780.20: 1094 Session 15

Handouts: Printouts of mpi_hello_world.cpp, mpi_send_receive.cpp, mpi_calculate_pi.cpp, multimin_sa_compare.cpp, simpson_cosint_openmp.cpp, excerpt on simulated annealing

In this session, we'll try out some basic examples of parallel processing using MPI and OpenMP and consider a toy problem comparing multidimensional minimization with standard downhill routines for local minima to an application of Monte Carlo techniques to find the global minimum: simulated annealing.

Introduction to Parallel Processing with MPI

This is a very brief introduction by example to using "Open MPI", which is an implementation of the "Message Passing Interface" or MPI (a library and software standard). We've set things up so we can use the computers in Smith 1094 running Linux as parallel processors. Communication between machines is carried out via ssh but we'll set it up so you don't need to enter passwords repeatedly. If your computer is not in Linux already, restart it now.

In a message passing implementation of parallel processing, multiple "tasks" are created, each with a unique identifying name, which run on different computers (multiple processes can run on one machine as well).

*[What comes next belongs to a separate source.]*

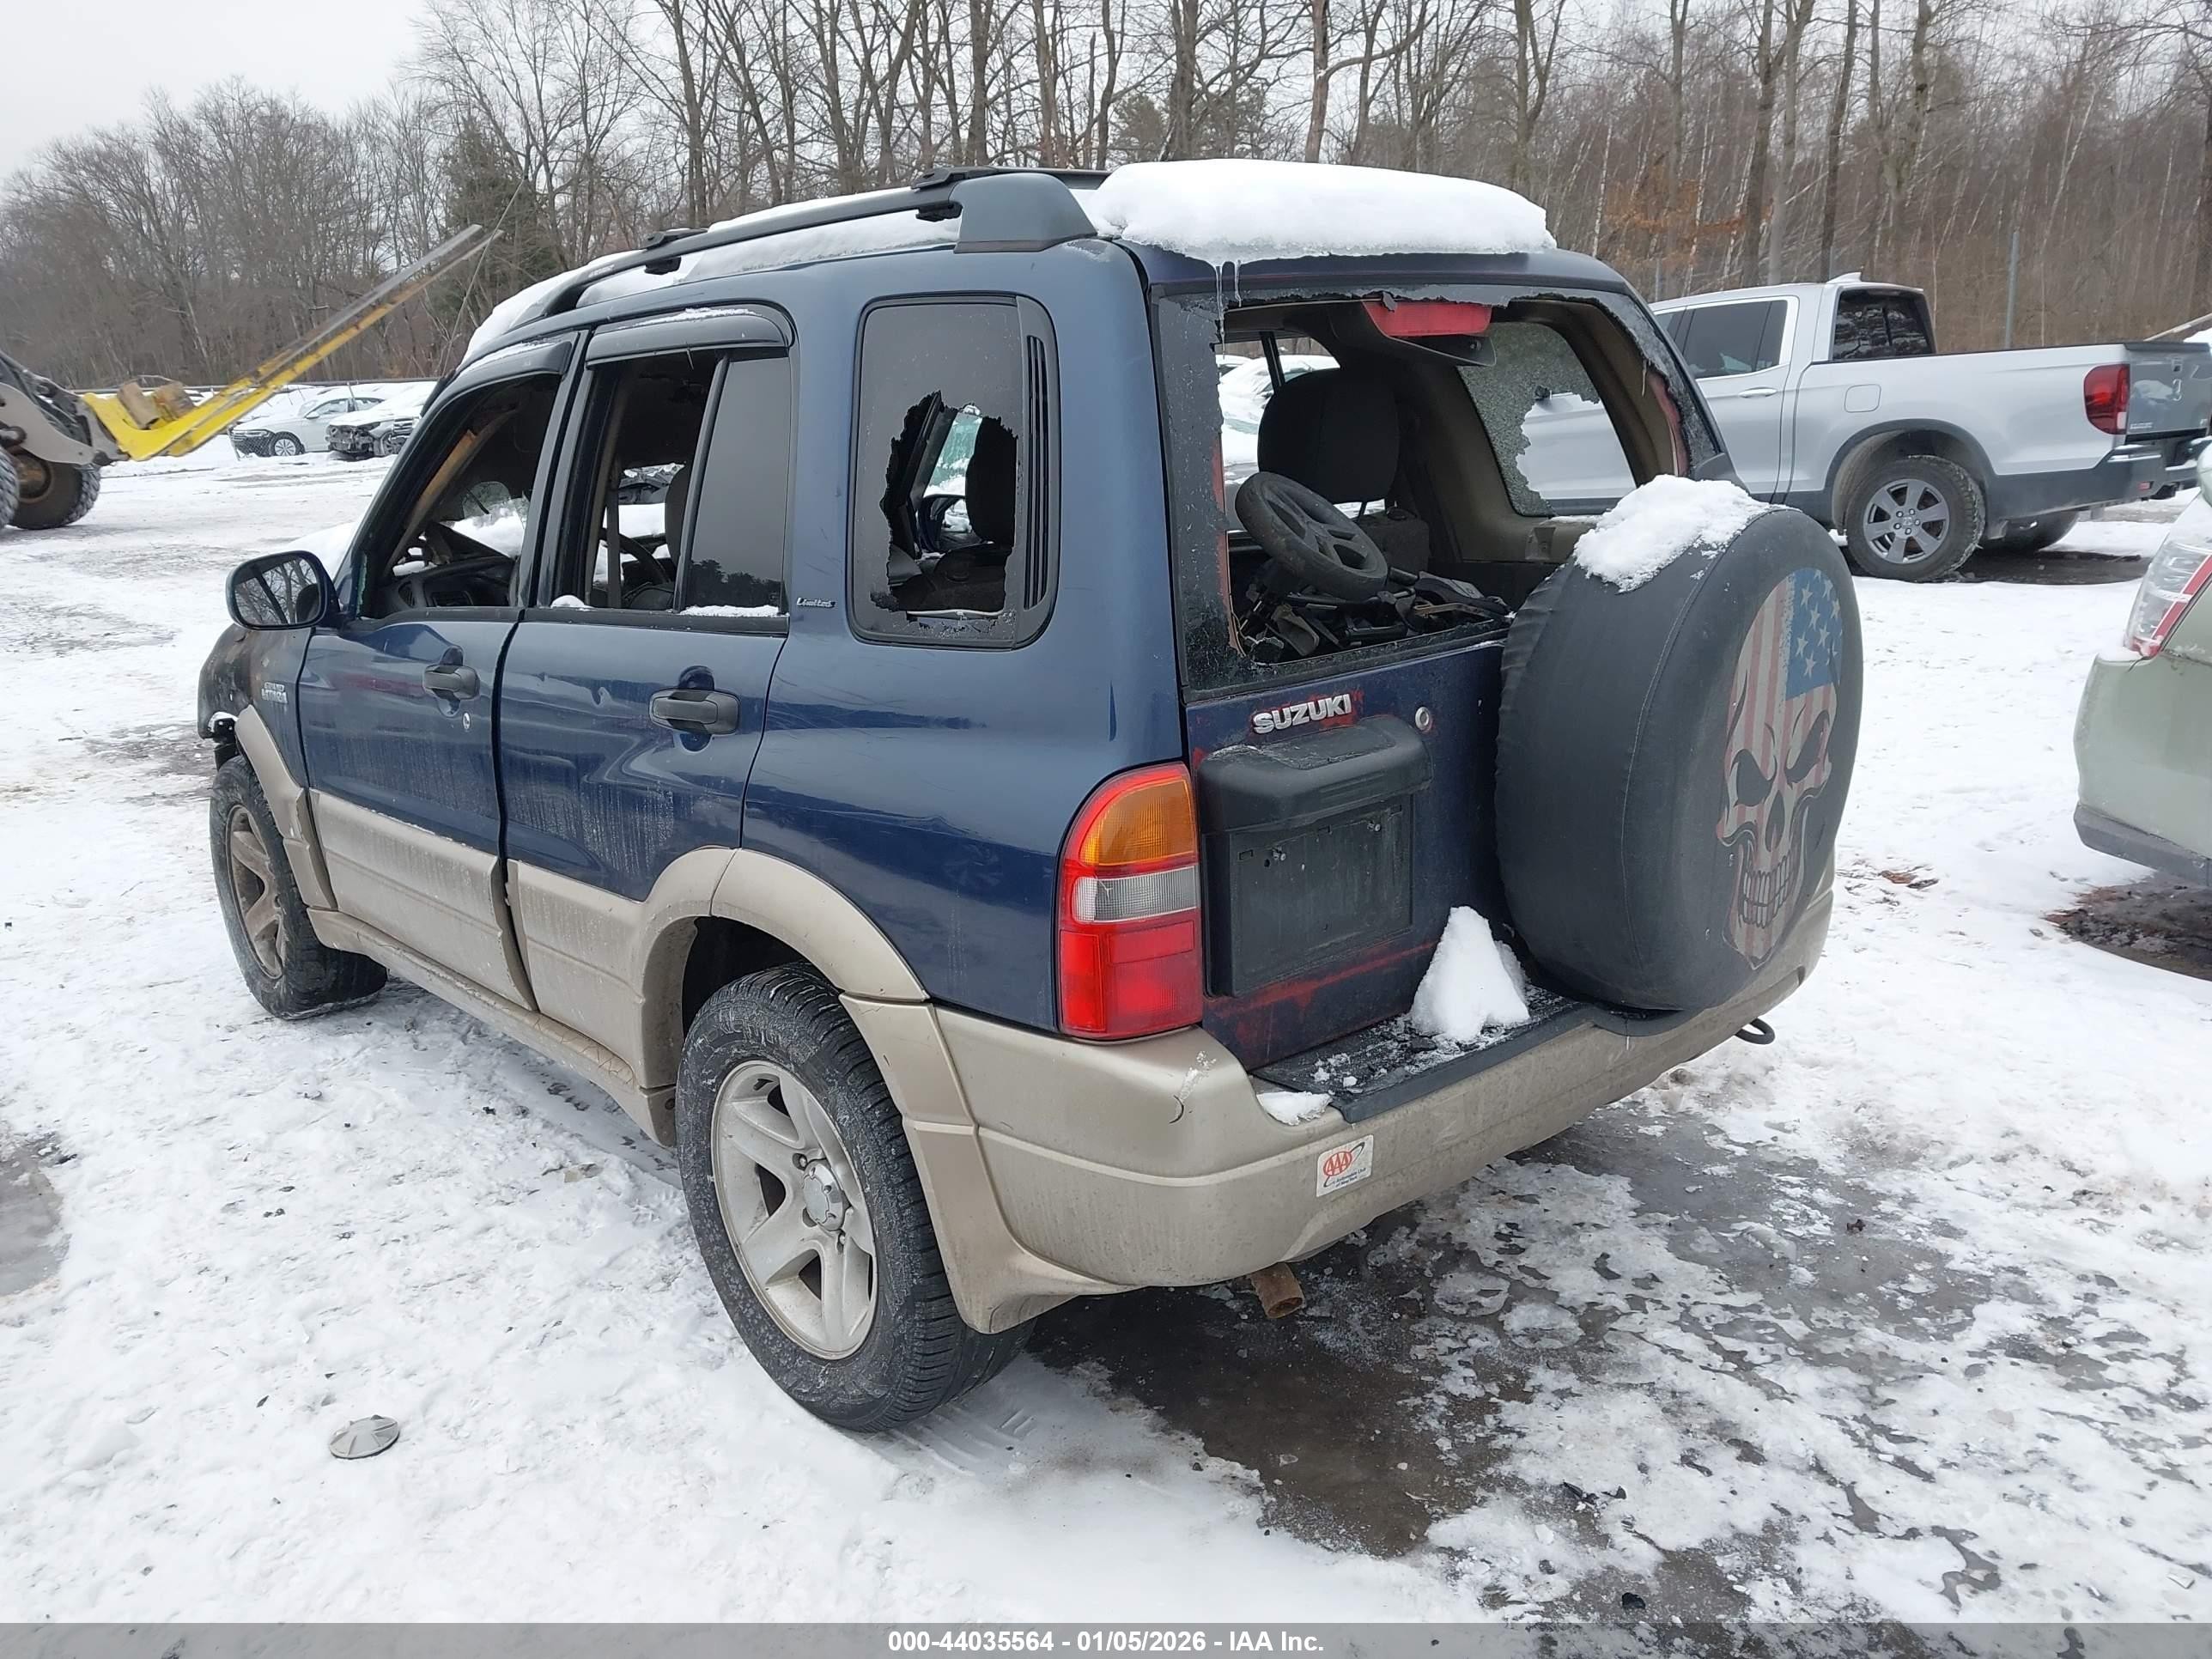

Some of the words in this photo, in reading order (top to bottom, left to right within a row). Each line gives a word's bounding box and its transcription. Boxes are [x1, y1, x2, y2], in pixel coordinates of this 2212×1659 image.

[796, 597, 833, 609] Limited
[1252, 693, 1352, 734] SUZUKI
[1326, 1152, 1351, 1176] AAA

The tasks talk to each other by sending and receiving "messages". A "message" is an array with elements that include data, identifiers for the source and destination processes, and a tag used to distinguish between messages. Usually a fixed set of processes is created when the program is initialized but the processes can be executing different programs (this is referred to as "Multiple Instruction Multiple Data" or MIMD).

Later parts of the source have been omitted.